中々立派な果樹園だな、やるな人間くらいに、どこまでもマイペースにリュシカは思っていたのである。


反乱軍のアジトから、何人かの人間が出てきてこれから着陸しようとしている竜を囲もうとしていた。彼らは反乱軍の最精鋭である。

 そんな精鋭たちを意に返すことなく側近は徐々に高度を下げていく。その視線に捉えているのはたった1人、反乱軍のリーダーであるリードだけである。側近はその他大勢は雑魚として視界にすら入れていなかった。

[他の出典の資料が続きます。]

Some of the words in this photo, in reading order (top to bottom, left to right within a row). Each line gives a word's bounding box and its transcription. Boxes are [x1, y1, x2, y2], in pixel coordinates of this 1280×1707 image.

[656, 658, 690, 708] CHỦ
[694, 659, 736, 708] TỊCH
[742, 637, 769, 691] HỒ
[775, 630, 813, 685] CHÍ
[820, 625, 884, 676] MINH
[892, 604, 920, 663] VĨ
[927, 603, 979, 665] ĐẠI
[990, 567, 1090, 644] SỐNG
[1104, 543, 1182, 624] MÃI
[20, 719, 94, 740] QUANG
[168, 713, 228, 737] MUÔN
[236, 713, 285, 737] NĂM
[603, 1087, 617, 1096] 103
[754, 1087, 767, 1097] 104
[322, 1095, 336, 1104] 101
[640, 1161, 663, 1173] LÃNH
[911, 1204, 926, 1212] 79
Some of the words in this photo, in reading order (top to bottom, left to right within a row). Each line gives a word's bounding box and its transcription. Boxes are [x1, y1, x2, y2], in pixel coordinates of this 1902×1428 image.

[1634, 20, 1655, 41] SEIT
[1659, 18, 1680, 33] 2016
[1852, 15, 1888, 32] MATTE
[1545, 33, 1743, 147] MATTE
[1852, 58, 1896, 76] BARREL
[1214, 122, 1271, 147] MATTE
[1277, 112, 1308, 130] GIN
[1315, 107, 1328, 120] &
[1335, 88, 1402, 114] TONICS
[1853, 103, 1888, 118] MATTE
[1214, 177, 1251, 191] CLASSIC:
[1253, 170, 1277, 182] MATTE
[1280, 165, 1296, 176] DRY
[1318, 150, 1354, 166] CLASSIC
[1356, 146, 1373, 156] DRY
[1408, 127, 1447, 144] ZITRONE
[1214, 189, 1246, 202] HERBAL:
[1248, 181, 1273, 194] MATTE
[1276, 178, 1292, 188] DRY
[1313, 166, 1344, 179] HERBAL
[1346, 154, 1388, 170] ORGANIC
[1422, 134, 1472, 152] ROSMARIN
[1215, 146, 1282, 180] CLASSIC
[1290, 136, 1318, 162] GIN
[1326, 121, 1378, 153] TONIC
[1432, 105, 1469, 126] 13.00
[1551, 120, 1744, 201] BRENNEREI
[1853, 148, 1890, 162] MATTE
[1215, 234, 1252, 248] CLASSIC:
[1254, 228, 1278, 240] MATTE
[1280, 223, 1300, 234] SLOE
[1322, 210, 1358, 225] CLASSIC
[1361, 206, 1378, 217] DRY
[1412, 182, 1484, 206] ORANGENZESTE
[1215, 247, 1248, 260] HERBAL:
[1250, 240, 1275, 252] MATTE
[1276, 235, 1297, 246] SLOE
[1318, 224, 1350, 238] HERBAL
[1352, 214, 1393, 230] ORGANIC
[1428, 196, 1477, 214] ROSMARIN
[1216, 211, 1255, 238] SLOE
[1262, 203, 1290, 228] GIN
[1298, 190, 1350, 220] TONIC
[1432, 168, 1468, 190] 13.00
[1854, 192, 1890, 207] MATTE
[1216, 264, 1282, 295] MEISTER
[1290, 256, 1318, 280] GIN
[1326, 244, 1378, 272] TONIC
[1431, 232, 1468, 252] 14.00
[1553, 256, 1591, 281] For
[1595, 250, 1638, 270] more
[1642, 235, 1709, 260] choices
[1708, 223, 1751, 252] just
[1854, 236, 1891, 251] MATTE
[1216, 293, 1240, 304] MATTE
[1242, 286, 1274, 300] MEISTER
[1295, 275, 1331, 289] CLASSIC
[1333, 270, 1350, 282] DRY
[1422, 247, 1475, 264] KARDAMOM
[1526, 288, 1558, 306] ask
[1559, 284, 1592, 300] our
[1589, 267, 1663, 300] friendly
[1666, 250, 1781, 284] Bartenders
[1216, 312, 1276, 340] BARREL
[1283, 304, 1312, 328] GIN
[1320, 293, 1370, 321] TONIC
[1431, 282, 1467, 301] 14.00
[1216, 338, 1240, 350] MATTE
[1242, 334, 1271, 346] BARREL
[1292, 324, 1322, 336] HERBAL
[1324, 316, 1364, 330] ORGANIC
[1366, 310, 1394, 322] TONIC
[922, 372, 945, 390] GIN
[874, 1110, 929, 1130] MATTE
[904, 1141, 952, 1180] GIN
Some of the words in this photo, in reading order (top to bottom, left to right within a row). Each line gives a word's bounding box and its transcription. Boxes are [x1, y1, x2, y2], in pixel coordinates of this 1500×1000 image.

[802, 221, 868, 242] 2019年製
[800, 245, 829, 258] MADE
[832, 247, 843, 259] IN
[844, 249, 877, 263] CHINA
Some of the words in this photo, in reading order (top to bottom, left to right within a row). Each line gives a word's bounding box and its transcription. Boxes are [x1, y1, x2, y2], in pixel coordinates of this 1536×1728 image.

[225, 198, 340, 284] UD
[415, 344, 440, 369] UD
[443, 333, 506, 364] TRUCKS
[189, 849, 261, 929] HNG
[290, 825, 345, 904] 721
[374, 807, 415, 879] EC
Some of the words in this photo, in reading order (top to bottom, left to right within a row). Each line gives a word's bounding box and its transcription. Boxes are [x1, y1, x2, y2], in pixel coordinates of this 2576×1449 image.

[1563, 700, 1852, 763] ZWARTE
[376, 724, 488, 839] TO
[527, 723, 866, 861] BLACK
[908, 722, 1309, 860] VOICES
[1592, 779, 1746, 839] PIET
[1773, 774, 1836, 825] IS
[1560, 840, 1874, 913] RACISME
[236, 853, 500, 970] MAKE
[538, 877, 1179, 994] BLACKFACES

 リードもまた静かな眼光で、側近を見ていた。両者の間に火花が散る中、リュシカが側近の背中から飛びおり、リードと相対する。


「反乱軍のリーダーは誰かな?」

「はあ?」

 人間形態に戻るとともに器用にメイド服を制作した側近は、魔王のその発言に耳を疑った。先ほどの分かっていますオーラーは何だったのかと、期待して損した気分だった。誰が見ても一目瞭然である、1人の人間だけ纏っている魔力と雰囲気が違う。


「私がリーダーだが、あなたが勇者殿かな?」

 青筋を立てながら、それでもおだやかな声音を作ってリードが名乗り出た。

 そのリードをリュシカが値踏みするように見つめた。


「私は騙されないぞ。人間のリーダー格というのは綺麗な服を着て、アホみたいに宝石を付けて着飾るんだ。この国の王は10の指全てに指輪を付け、服は金の糸で創意の限りを尽くして装飾していた。だが、その男は何だ?みすぼらしいじゃないか?」

 リードの服はリュシカの言うように、お世辞にも立派とは言えなかった。しかし、リードにとっては、先代たちから受け継いできた大魔導士のローブである。それが、初対面の何も知らない餓鬼から馬鹿にされたのである。心中穏やかであるはずがなかった。

 だが、その配下には不届き物もいる。臭かったんだよなあのローブと、リュシカに納得するものもいたのである。空気を読むと言うのは常に正しい訳ではない。


「確かにみすぼらしい格好をしているが、この方こそ大魔導士にして反乱軍のリーダー、リード様だ」

 副官は天然だったので、空気も読まずにそう発言する。空気を常に読むべきではないが、読まねばいけない時もある。副官はリードから鋭い眼光で睨みつけられた。


「成る程。みすぼらしい格好をしているもリーダーもいるのか?」

「そういう勇者殿は、随分立派な格好をしているな」

 リードはリュシカの格好を見てそう称す。リュシカは魔法で出来た上等な絹を素材とした服を着ていた。魔法や物理耐性が強く、下手な鎧よりはずっと強い。とても高価な品である。

「担ぐ神輿がみすぼらしかったら、恥をかくのは部下だ」

「ふっ……この国には、服を買う余裕もないのだ」

 リュシカの言葉にリードはそう返答する。部下たちは、あんたは好きでそんな恰好をしているんだろと、心の中で思っていた。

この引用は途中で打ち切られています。